Cotilleo

A pesar de la música, (me gusta alta) oí el ruido de la tapadera del contenedor de la basura situado a unos diez metros de la atalaya, Ya se sabe que el ruido tiende a subir. Serían aproximadamente las doce cuarenta del mediodía. Como nadie hace caso al hecho de sacar la basura cuando el sol está puesto, he de decir que me he unido a la tendencia, cansada ya de estar sola en el cumplimiento de la tarea en beneficio de los olores callejeros y de  nuestra sociabilidad, y a pesar de no sentirme a gusto conmigo misma.
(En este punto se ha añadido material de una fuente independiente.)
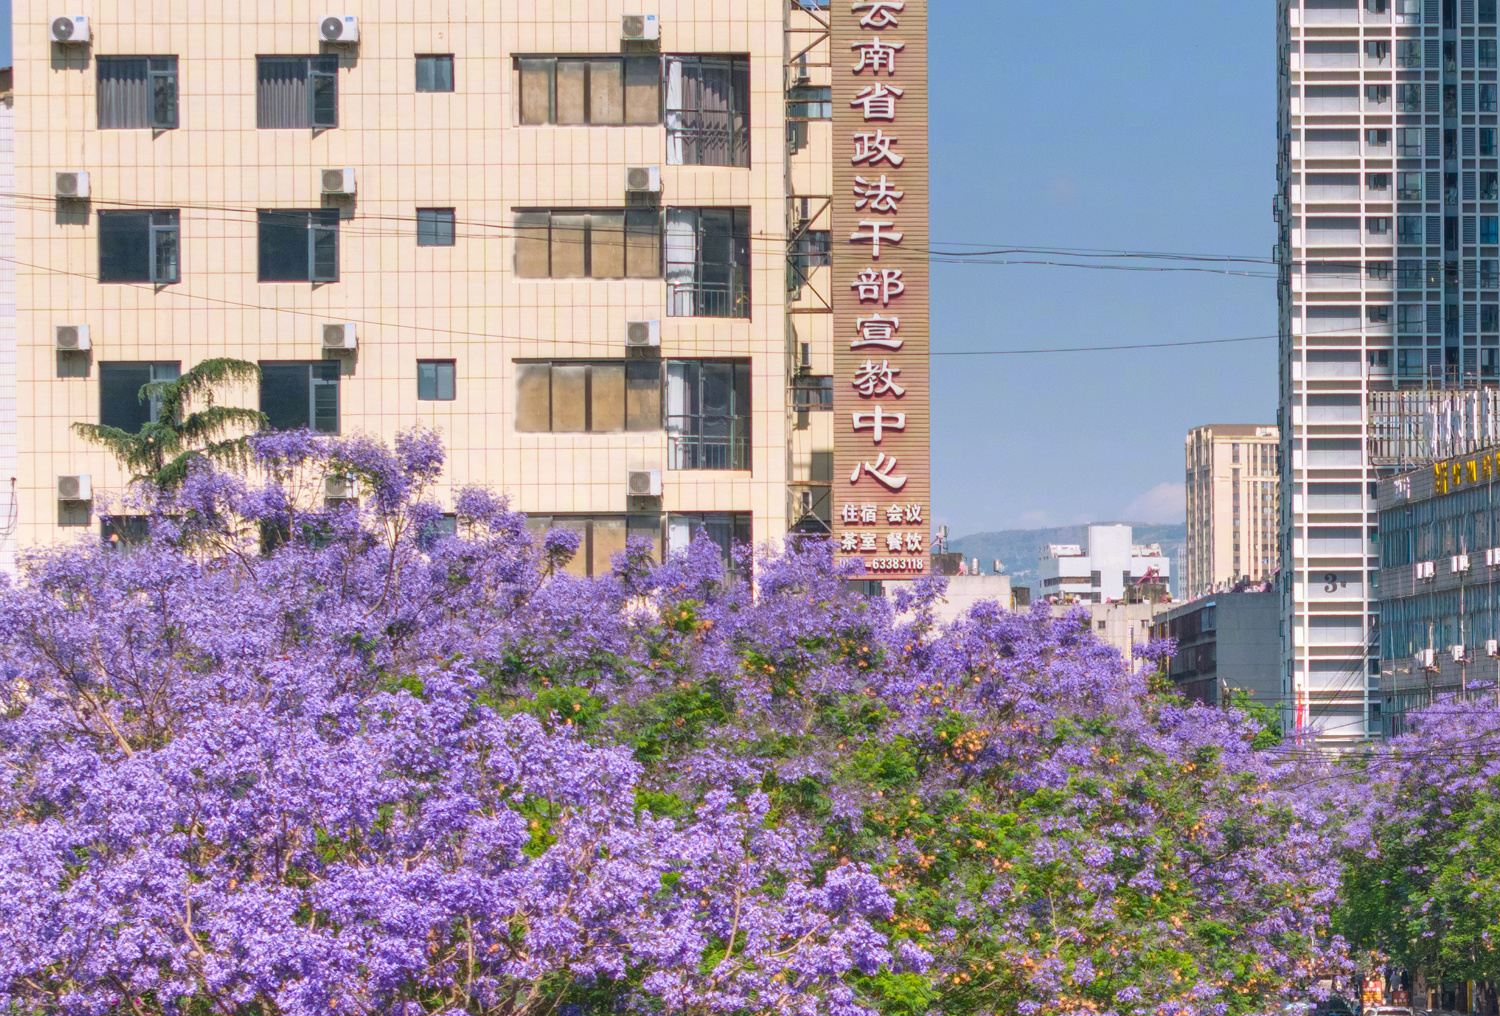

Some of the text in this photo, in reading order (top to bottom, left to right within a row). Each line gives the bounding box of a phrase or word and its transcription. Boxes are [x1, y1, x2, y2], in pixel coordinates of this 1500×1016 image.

[850, 0, 907, 488] 云南省政法干部宣教中心
[841, 504, 922, 523] 住宿 会议
[841, 531, 922, 551] 茶室 餐饮
[840, 558, 923, 571] 0-63383118
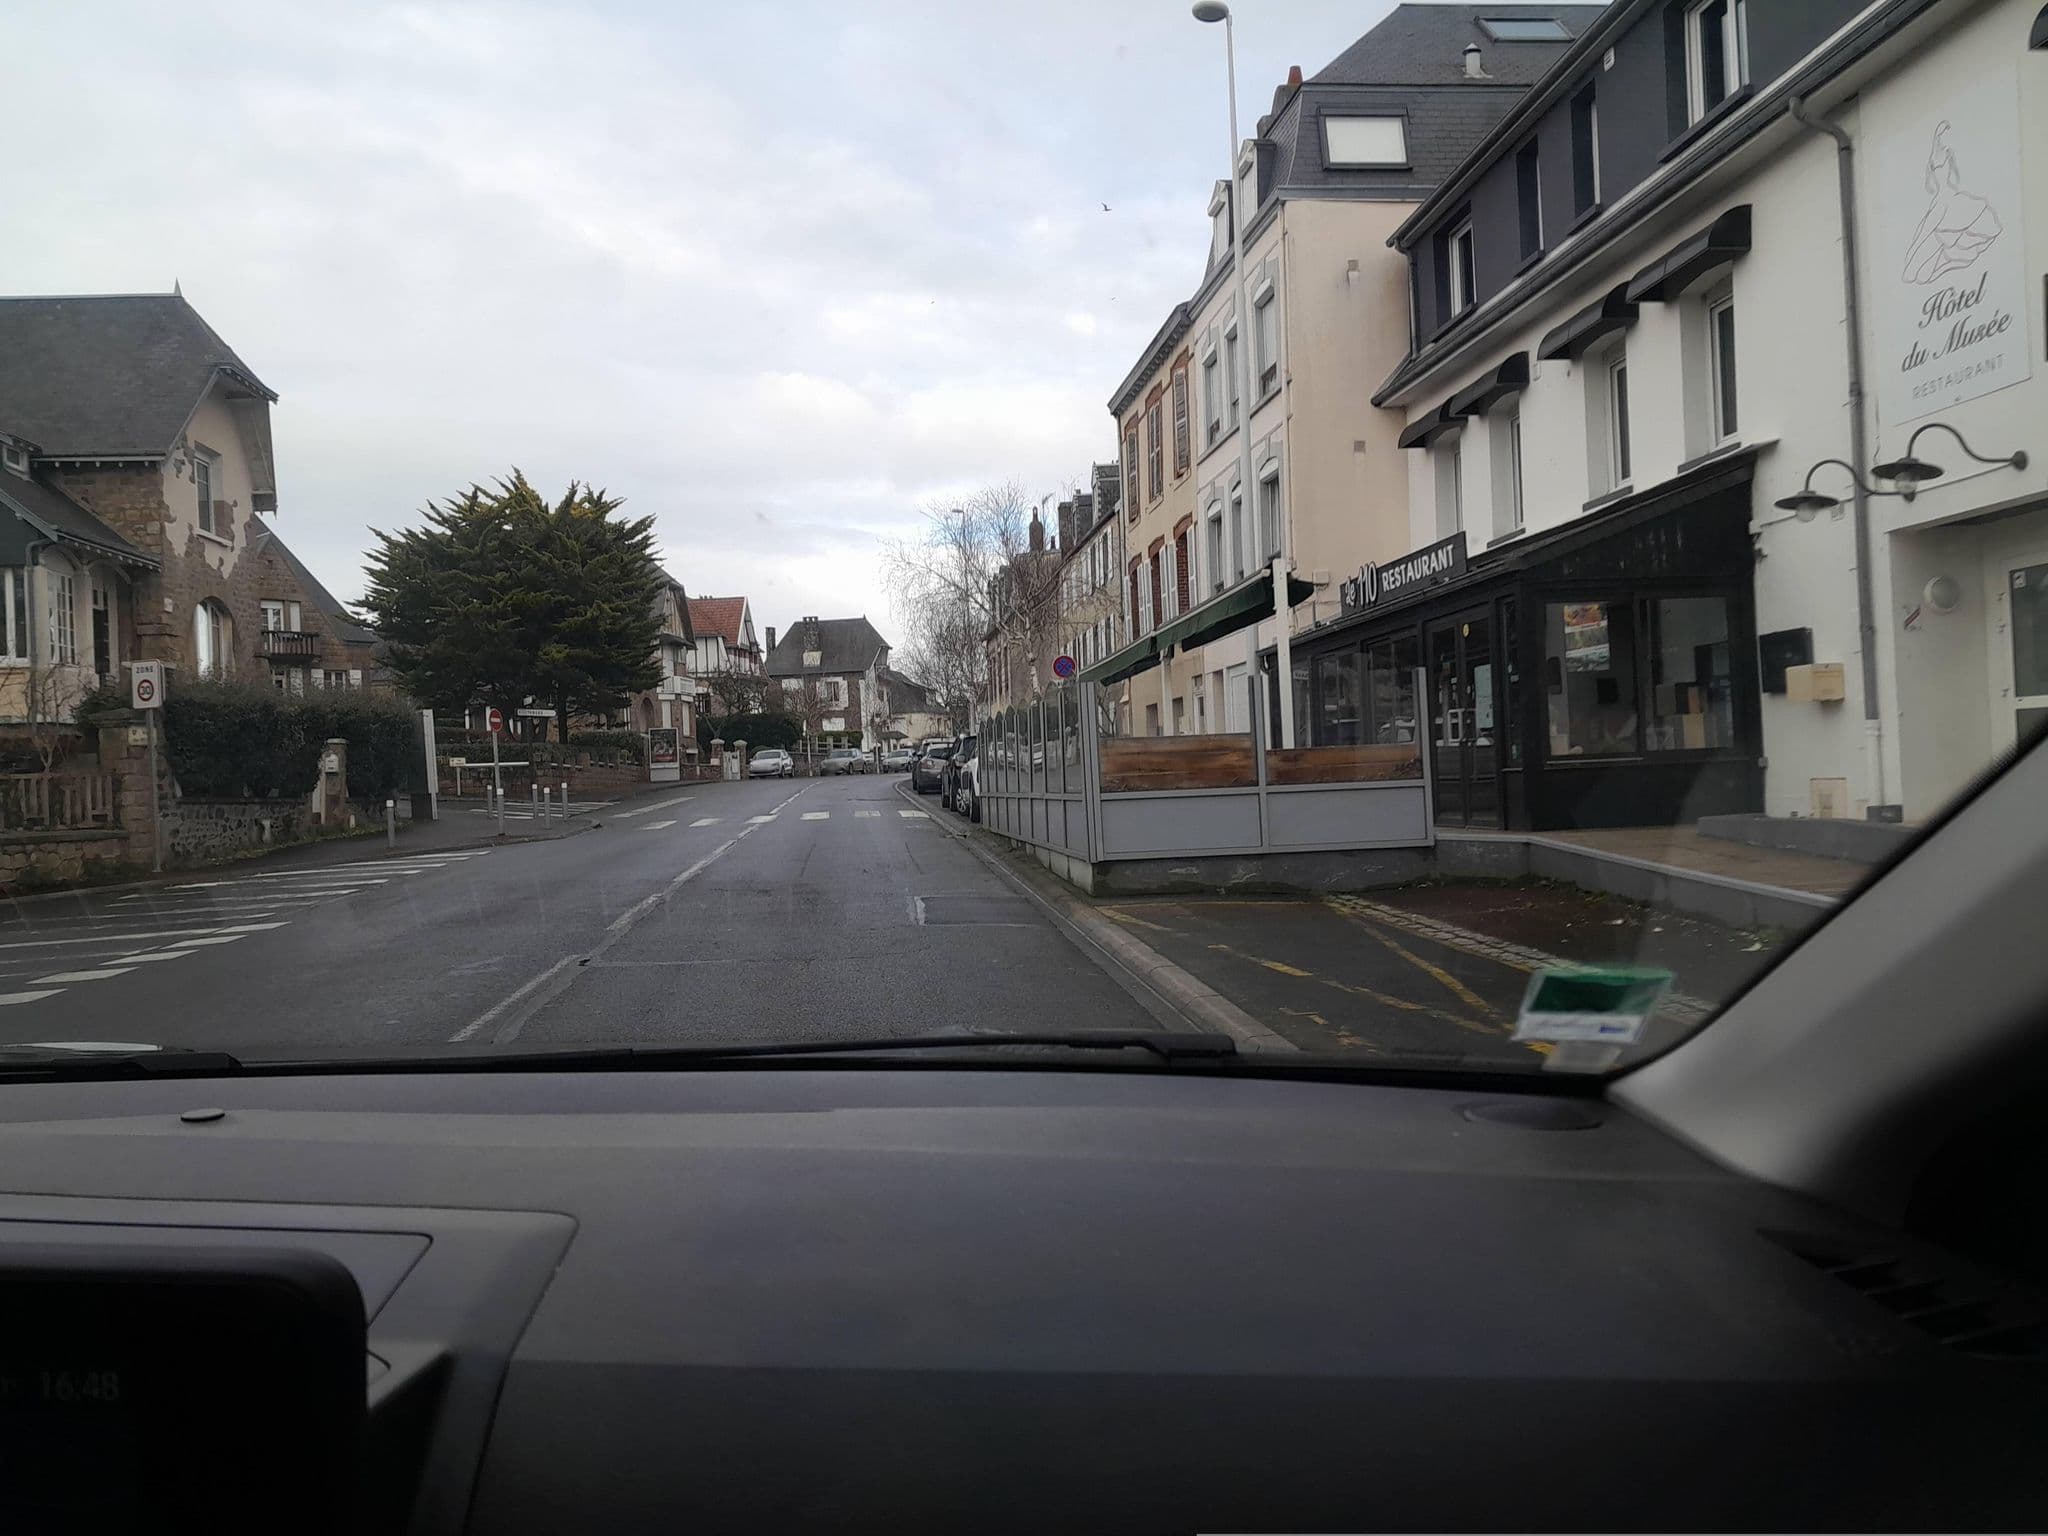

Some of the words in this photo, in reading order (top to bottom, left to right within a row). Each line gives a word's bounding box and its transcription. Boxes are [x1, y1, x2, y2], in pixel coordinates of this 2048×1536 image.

[1918, 270, 1988, 328] Hôtel
[1901, 340, 1929, 372] du
[1932, 309, 2013, 360] Musée
[1913, 353, 2005, 399] RESTAURANT
[1358, 562, 1377, 606] 110
[1382, 544, 1454, 592] RESTAURANT
[140, 685, 152, 696] 30
[39, 1368, 120, 1401] 16:48
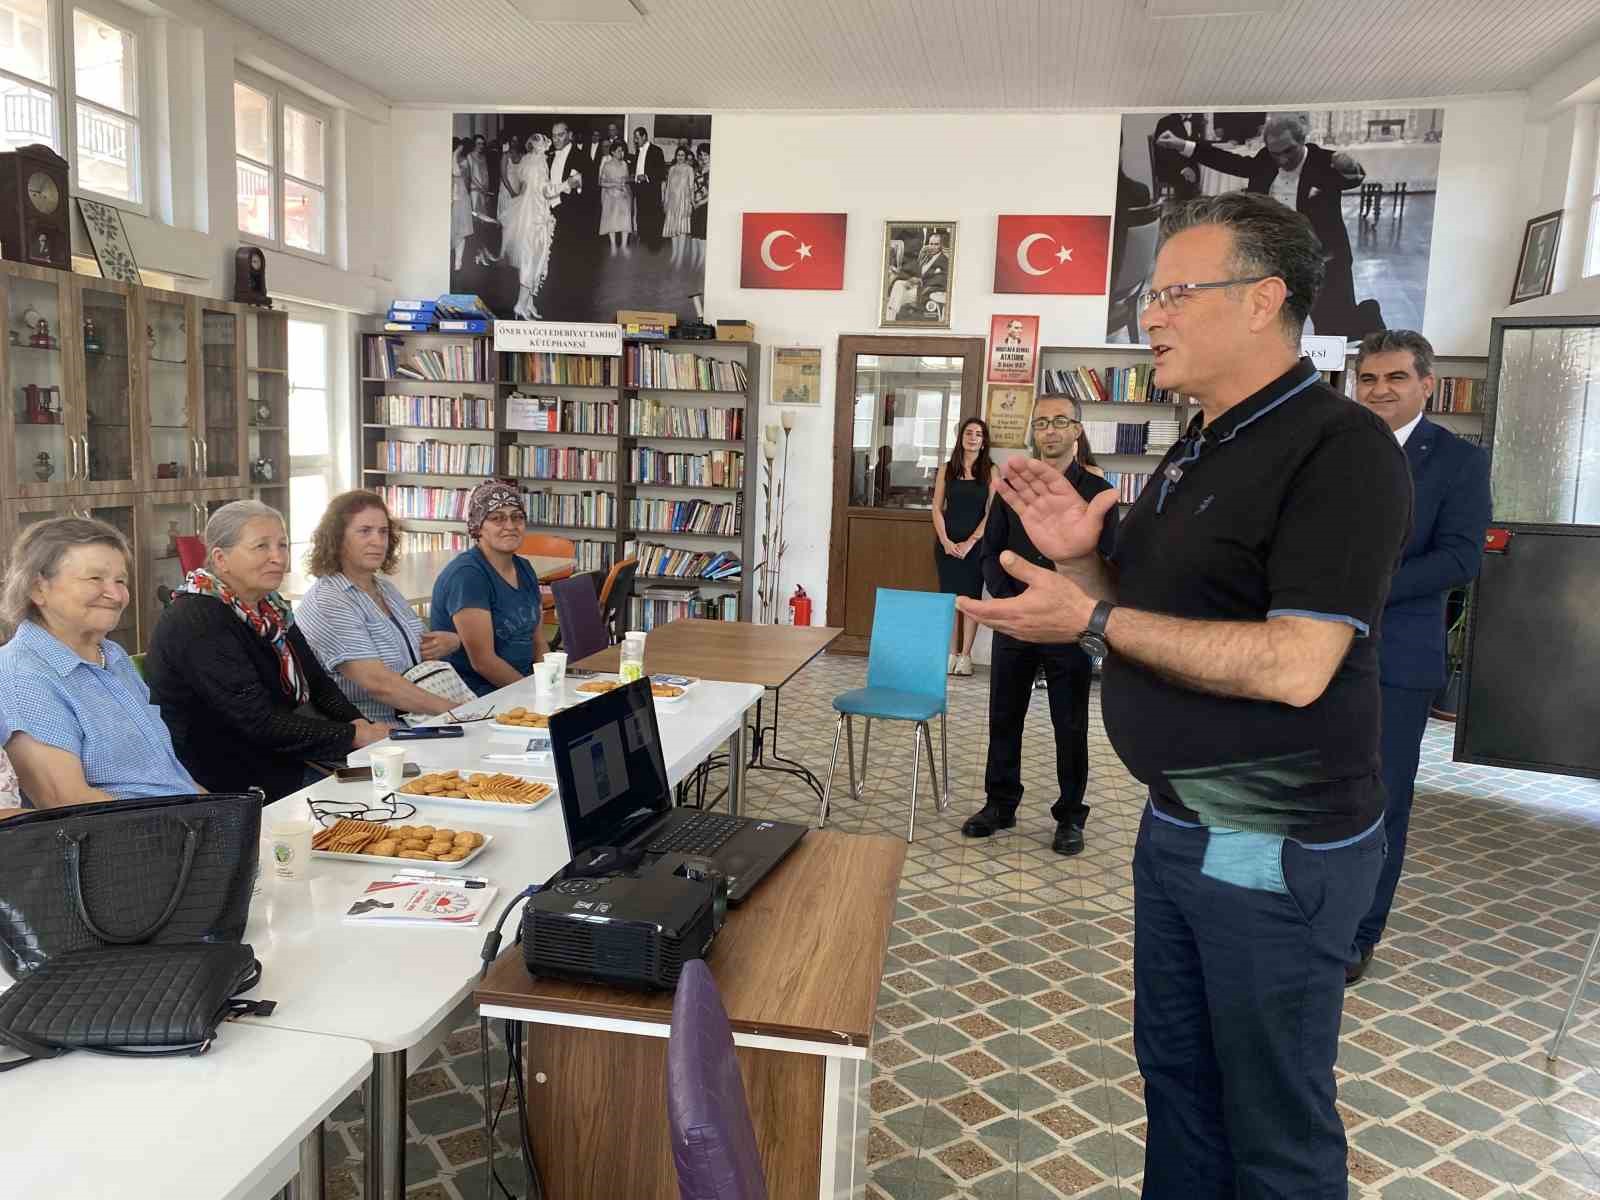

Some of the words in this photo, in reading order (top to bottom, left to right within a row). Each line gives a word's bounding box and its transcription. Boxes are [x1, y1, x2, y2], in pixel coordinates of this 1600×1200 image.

[498, 326, 521, 336] ÖNER
[589, 329, 617, 339] TARİHİ
[529, 339, 586, 348] KÜTÜPHANESİ
[1000, 353, 1024, 361] ATATÜRK
Es el caso de que si bajo antes por cualquier motivo, la bajo y la tiro sin mirar el reloj.
Era la señora que me había amonestado por el reciclaje del papel y que ella amablemente y adelantándose a mi reacción tiró el paquete de papel, pues de eso se trataba, al cubo de desechos biodegradables.
Andaba con su bastón cuando se encontró a otra vecina con el suyo propio. Al bastón me refiero.
Por sus gestos deduje que hablaban de sus piernas, posiblemente hinchadas y de sus males. Ambas de avanzada edad, vestían sendas batas sin mangas y escotadas. Me quedé estupefacta. Ya en la atalaya, si no frío, sí un leve frescor se levantaba y que yo notaba pese a un pantalón de algodón una camiseta de manga corta y un blusón holgado asimismo de algodón con manga tres cuartos. Ellas sin embargo no parecían sentir el frecor.
Tendrán las piernas débiles, inflamadas,  pero en el resto del cuerpo tienen un calor que ya quisiéramos los menos viejos.